The Association of Mutual Funds in India has moved SEBI to intervene and stop separate investigation by the Economic Offences Wing of Chennai police based on a complaint registered with it. The mutual fund industry body in a letter written to SEBI said all AMCs and fund managers are concerned that the unprecedented event of a police complaint against a fund house is unheard in the history of mutual funds in India.

“Any bona-fide decisions and actions of mutual funds, which may go awry due to various extraneous reasons, can now be translated into criminal action by non-expert bodies, even when an expert regulatory body has been established under an Act of Parliament, viz. SEBI Act…” said the letter.

The Chennai Financial Markets and Accountability, an investor body, last week had claimed that the Economic Offences Wing of Chennai police had registered an FIR against Franklin Templeton MF and its top officials based on its complaint. In April, Franklin Templeton abruptly closed six of its debt schemes with asset under management of ₹24,000 crore due to huge redemption pressure. Investors have moved the Supreme Court which had directed the Karnataka High Court to hear investors petition.

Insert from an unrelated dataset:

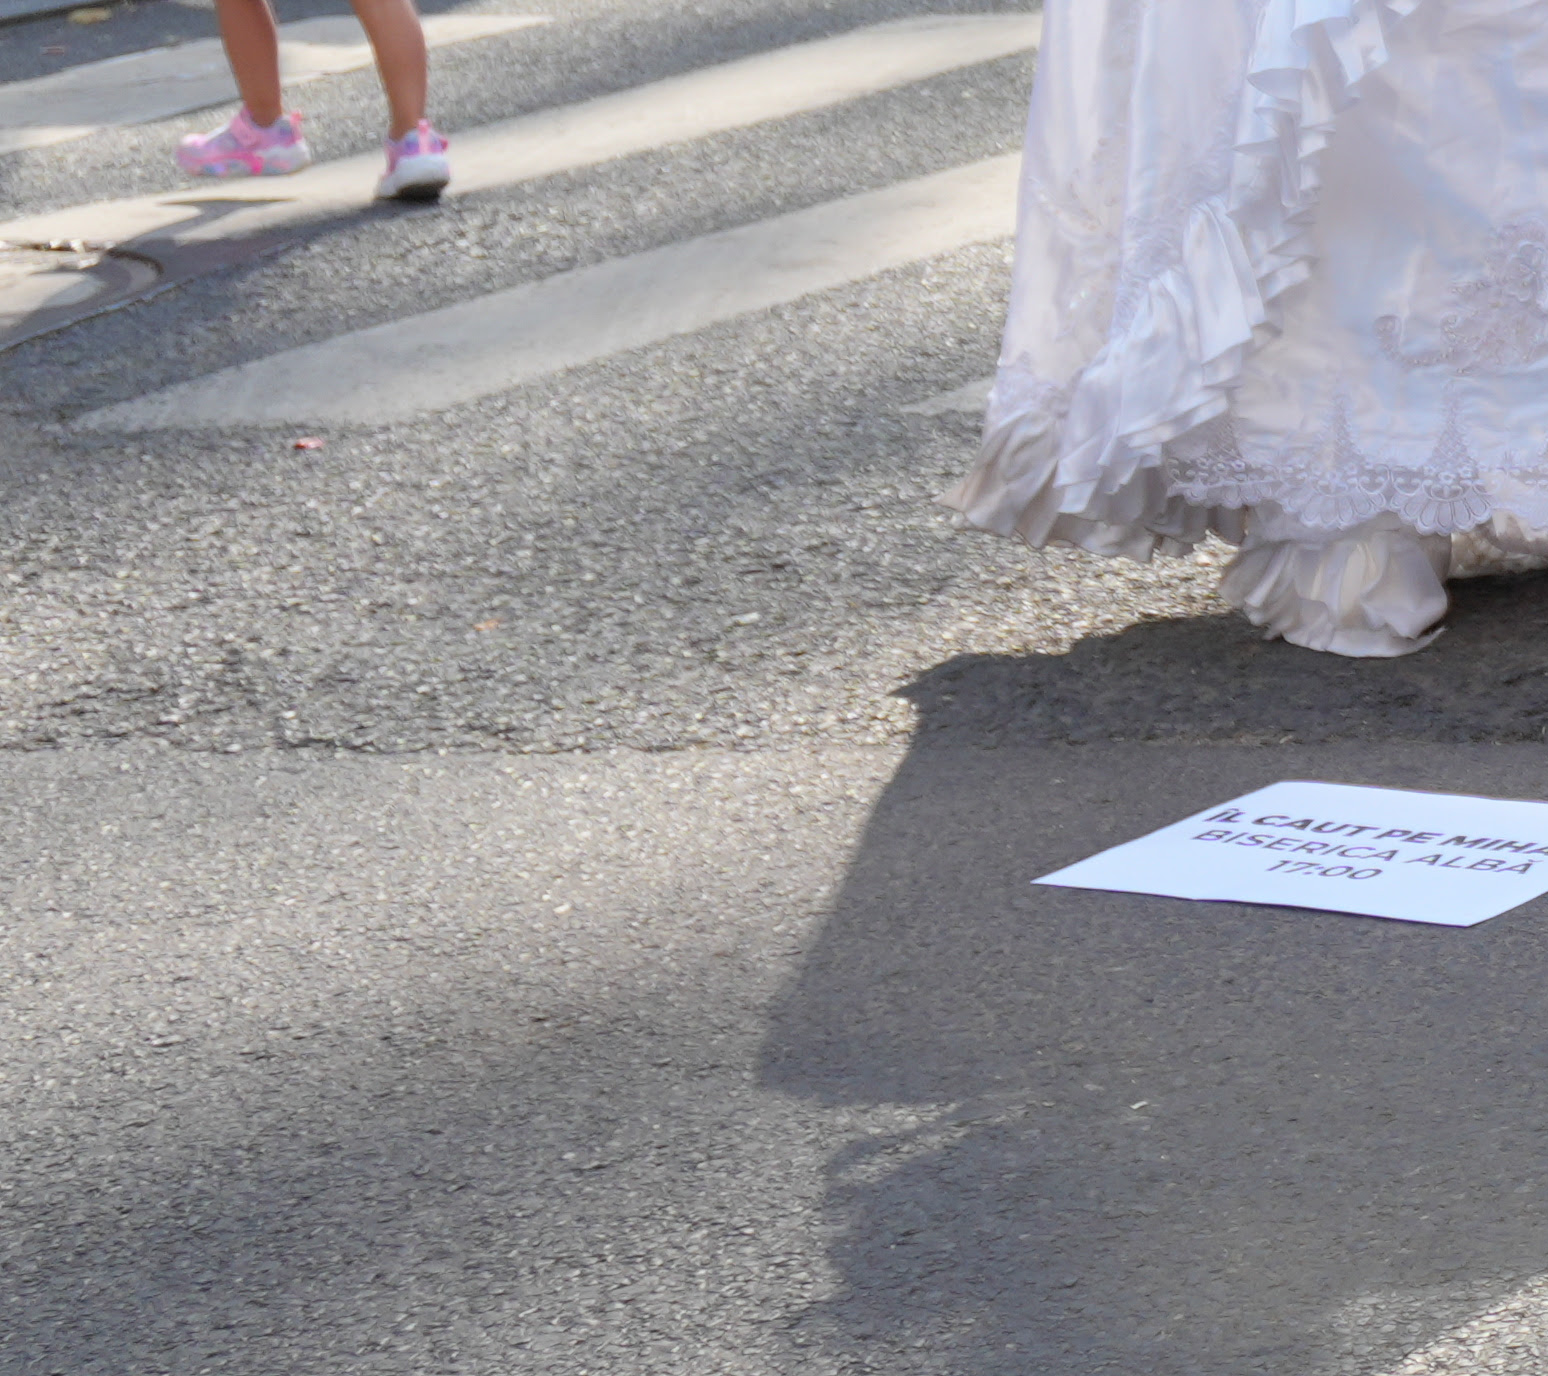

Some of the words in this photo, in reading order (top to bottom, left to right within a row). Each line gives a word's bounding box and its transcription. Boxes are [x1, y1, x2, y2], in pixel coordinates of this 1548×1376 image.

AMFI said the fear factor and panic among fund managers could lead to an undesirable contagion effect on the entire MF industry, such as mass resignations, over-cautious and over-defensive approach towards investment decisions, resulting in lacklustre performance and must be avoided at any cost.

As a word of caution, AMFI said while it was not seeking to pre-judge the (Franklin Templeton) issue, SEBI should stake its claim as the “sole authority to adjudicate all issues pertaining to the conduct of the mutual funds.”

Such investigation by outside agencies, AMFI said could even impact performances of schemes, as fund managers may adopt an over-defensive or excessively cautious approach due to these fears.